··· DATA UNDER STUDY ···

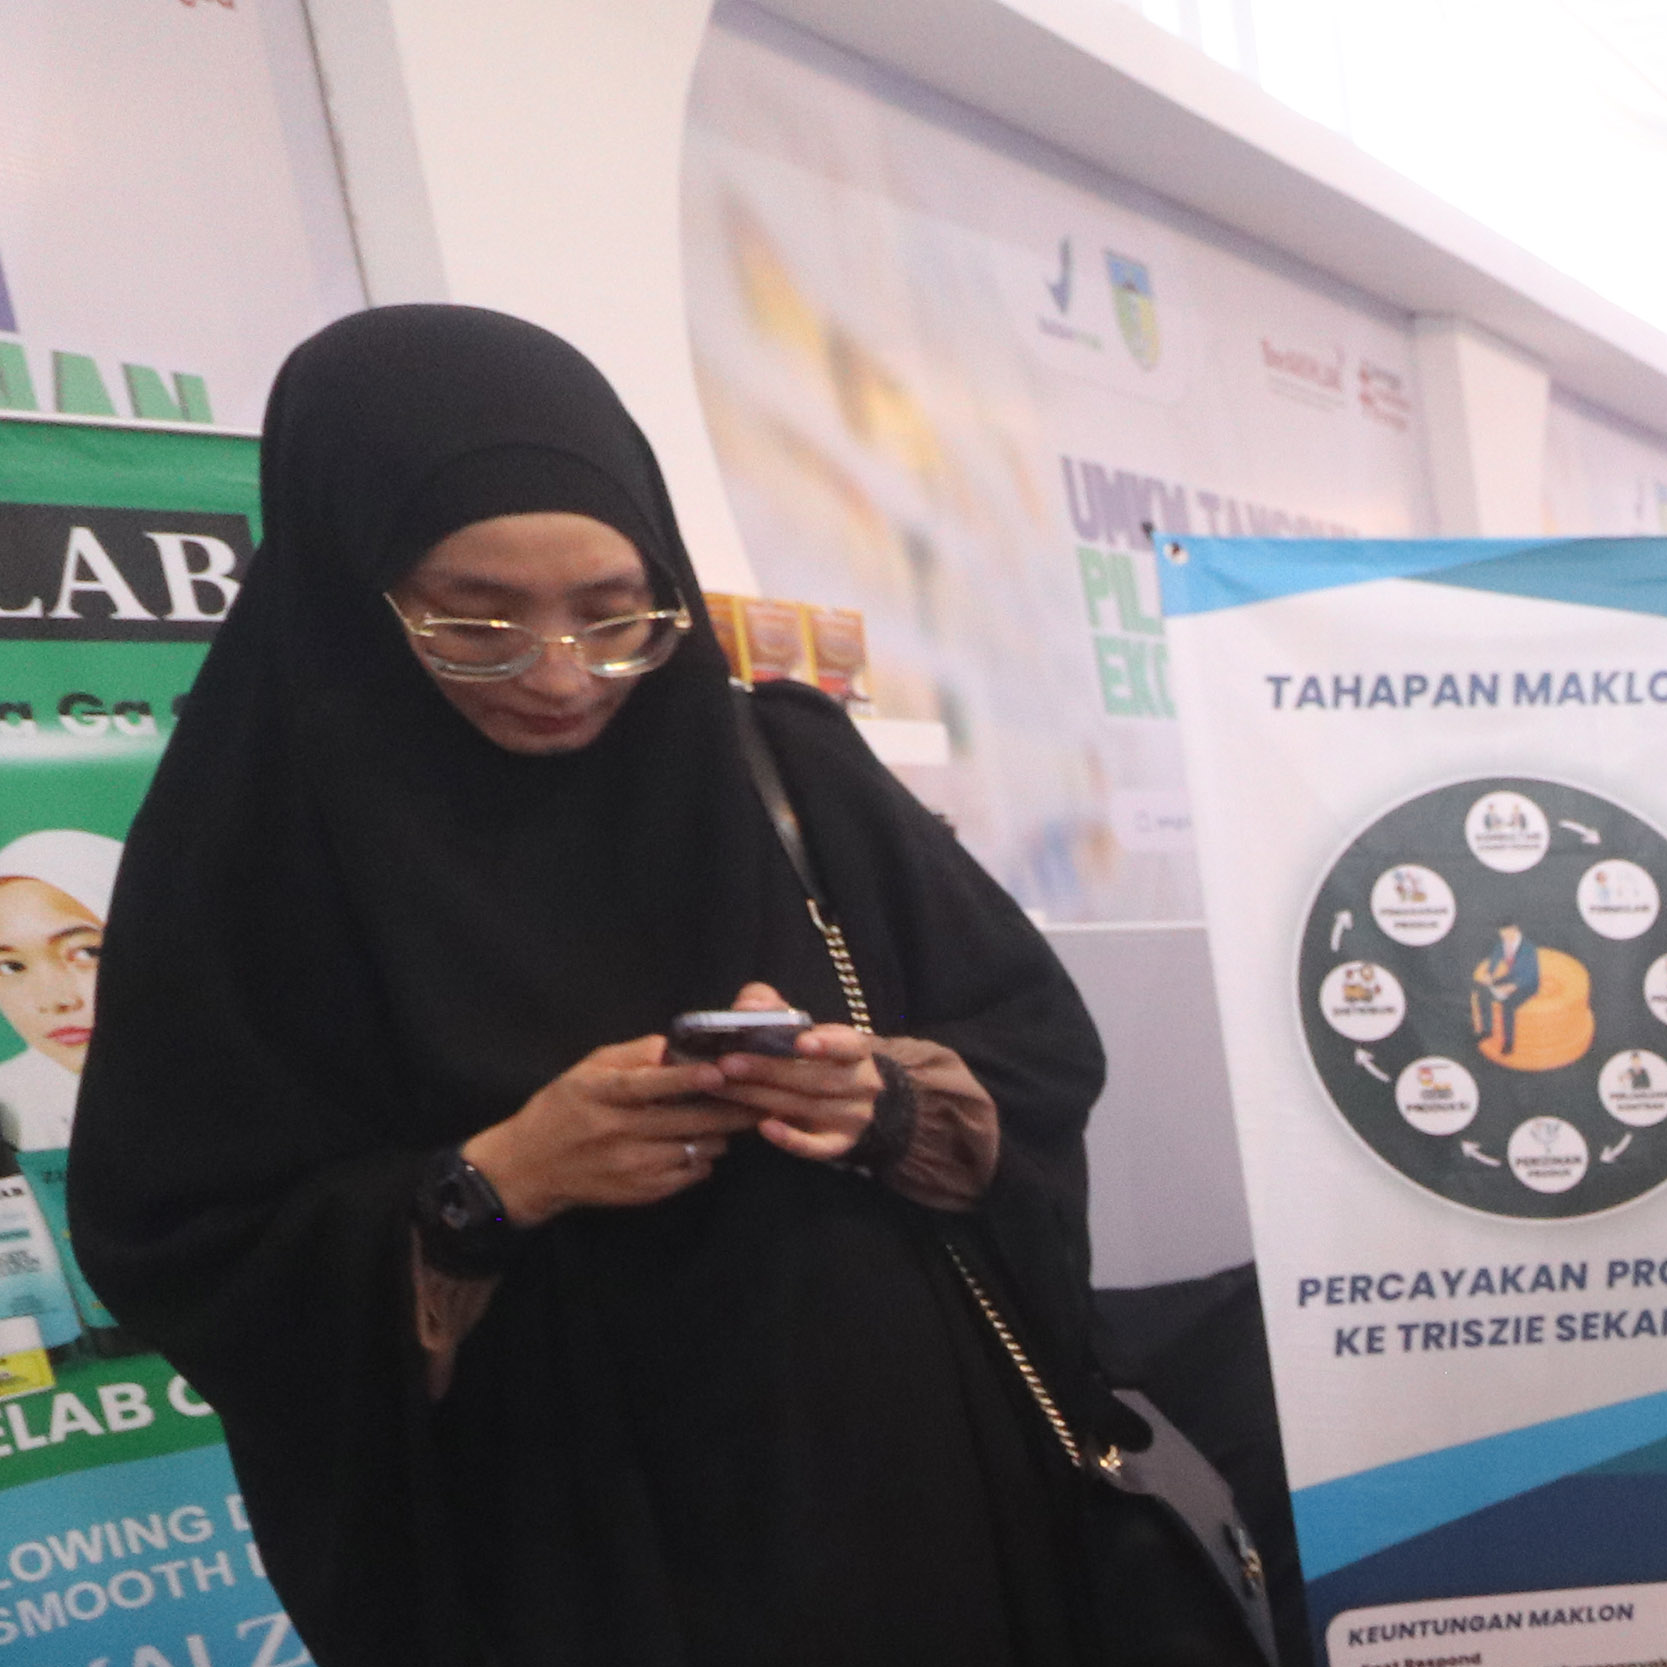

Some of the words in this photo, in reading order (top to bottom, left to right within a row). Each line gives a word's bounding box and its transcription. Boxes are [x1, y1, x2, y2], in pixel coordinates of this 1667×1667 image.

[1265, 673, 1500, 711] TAHAPAN
[1298, 1263, 1588, 1307] PERCAYAKAN
[1334, 1325, 1385, 1358] KE
[1397, 1315, 1545, 1353] TRISZIE
[1347, 1612, 1523, 1646] KEUNTUNGAN
[1528, 1604, 1635, 1629] MAKLON
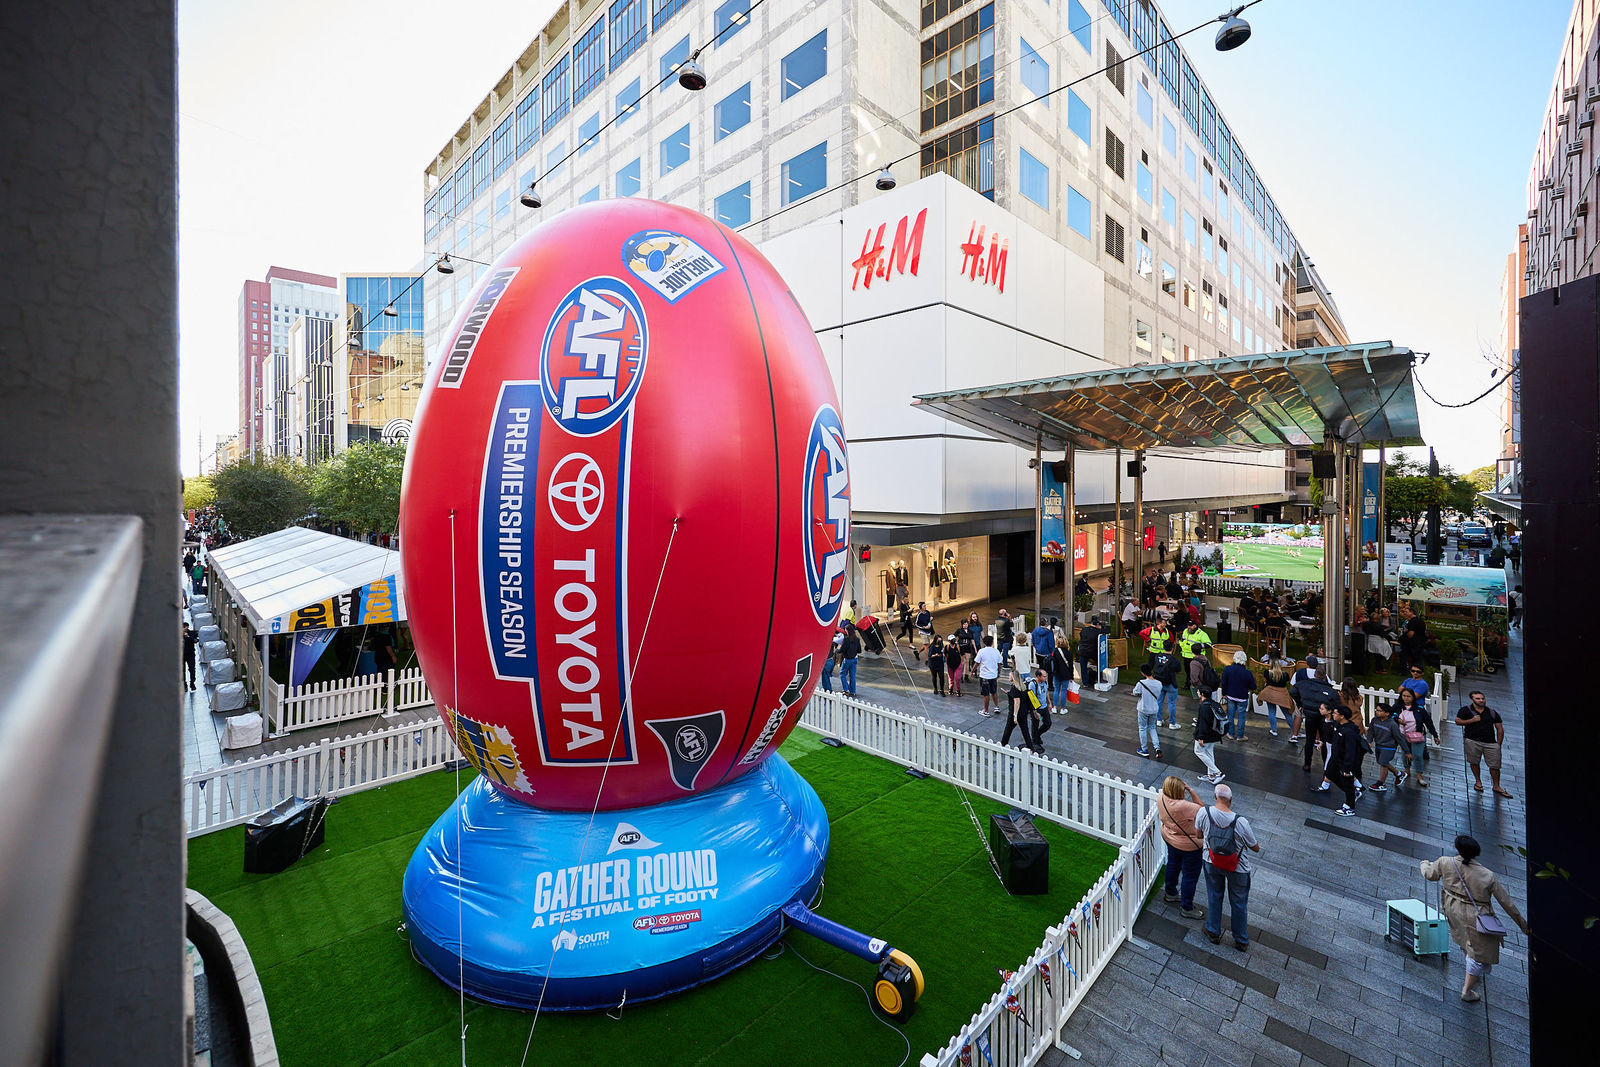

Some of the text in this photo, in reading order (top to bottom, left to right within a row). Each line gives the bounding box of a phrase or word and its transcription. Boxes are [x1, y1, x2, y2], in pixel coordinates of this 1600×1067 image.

[658, 255, 714, 294] ADELAIDE
[852, 208, 928, 291] H&M
[961, 219, 1009, 294] H&M
[442, 270, 515, 383] NORWOOD
[561, 287, 627, 421] AFL
[498, 407, 530, 660] PREMIERSHIP SEASON
[819, 422, 850, 609] AFL
[1074, 545, 1085, 559] ale
[1103, 540, 1112, 553] ale
[552, 549, 605, 752] TOYOTA
[679, 731, 703, 760] AFL
[620, 834, 638, 843] AFL
[533, 849, 718, 914] GATHER ROUND
[531, 888, 719, 929] A FESTIVAL OF FOOTY
[634, 911, 700, 930] AFL TOYOTA
[578, 930, 610, 945] SOUTH

···

» **ASSIGNMENT**: Nothing but the lines from the one with "Some of the text" through the last line of the records above should be retyped, and those word for word.

» **ANSWER SPACE**:
Some of the text in this photo, in reading order (top to bottom, left to right within a row). Each line gives the bounding box of a phrase or word and its transcription. Boxes are [x1, y1, x2, y2], in pixel coordinates of this 1600×1067 image.

[658, 255, 714, 294] ADELAIDE
[852, 208, 928, 291] H&M
[961, 219, 1009, 294] H&M
[442, 270, 515, 383] NORWOOD
[561, 287, 627, 421] AFL
[498, 407, 530, 660] PREMIERSHIP SEASON
[819, 422, 850, 609] AFL
[1074, 545, 1085, 559] ale
[1103, 540, 1112, 553] ale
[552, 549, 605, 752] TOYOTA
[679, 731, 703, 760] AFL
[620, 834, 638, 843] AFL
[533, 849, 718, 914] GATHER ROUND
[531, 888, 719, 929] A FESTIVAL OF FOOTY
[634, 911, 700, 930] AFL TOYOTA
[578, 930, 610, 945] SOUTH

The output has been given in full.